Monday, November 05, 2007
| Dear Santa......... Category: Life I am putting my request in early since I was rather disappointed with my main present this year. I went to see my GP and all he gave me were yet more drugs made from horses wee - in the form of HRT. Now I don't wish to sound ungrateful but a girl likes to feel special on her birthday an not like a shrivelled up old barren hag. Anyway, I digress...........could you possibly see to it that my neutraphils magic themselves up above the required 1.5 level because today the nice lady nurse told me I couldn't have the lovely chemo-cocktail that is Folfox. The poor little lambs only came in at 1.1 and basically, I've been here before. I have been a good girl and injected my poor patchwork tummy with the hurty GCSF injections (kind of like sending Vera Lynn to cheer up the troops and jolly them up a bit) but they don't seem to be working. I even went and had a flu jab on Friday instead of staying in bed all day again.
If you could possibly get the elves to knock up a few neutraphil soldier cells for me in the workshop just a few weeks early, I'll be eternally grateful - or at least until I shuffle off this mortal coil from OLD AGE if I have a say in the matter. I promise not to over work them and will take good care of them but I'd really like to spend Christmas not feeling like I've been hit by a truck, then reversed over again with a 53cm tube shoved in my arm - it ruins the photos to have a lumpy bandage and dressing.
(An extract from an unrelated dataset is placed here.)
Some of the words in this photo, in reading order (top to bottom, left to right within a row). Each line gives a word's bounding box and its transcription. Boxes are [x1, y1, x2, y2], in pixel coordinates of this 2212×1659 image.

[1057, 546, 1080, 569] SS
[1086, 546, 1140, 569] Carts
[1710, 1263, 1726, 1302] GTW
I spent last Christmas trying not to tell anyone I had cancer, even though I already knew I did a few weeks before - I don't want my friends and family to have to see me pushing food around my plate because it all tastes of lard (yes Badfish, spot on) and I feel sick. It's not for me, I personally don't mind the weight loss at this time of year, but I think my kids and my little sis have had enough. My son cried buckets only last week because he "doesn't want me to be ill any more". I cried too, because I don't want him to see me being ill and it's too hard to pretend I'm not. Then the crying continued because, as you know it BLOODY HURTS to cry thanks to the side effects of the chemo.
Sorry I'm rambling but I haven't written you a note since my children were babies and couldn't write very well themselves so figured I owed you a few words. I'll leave the good brandy out this year but I'm not sure I can stretch to XO, hope you don't mind.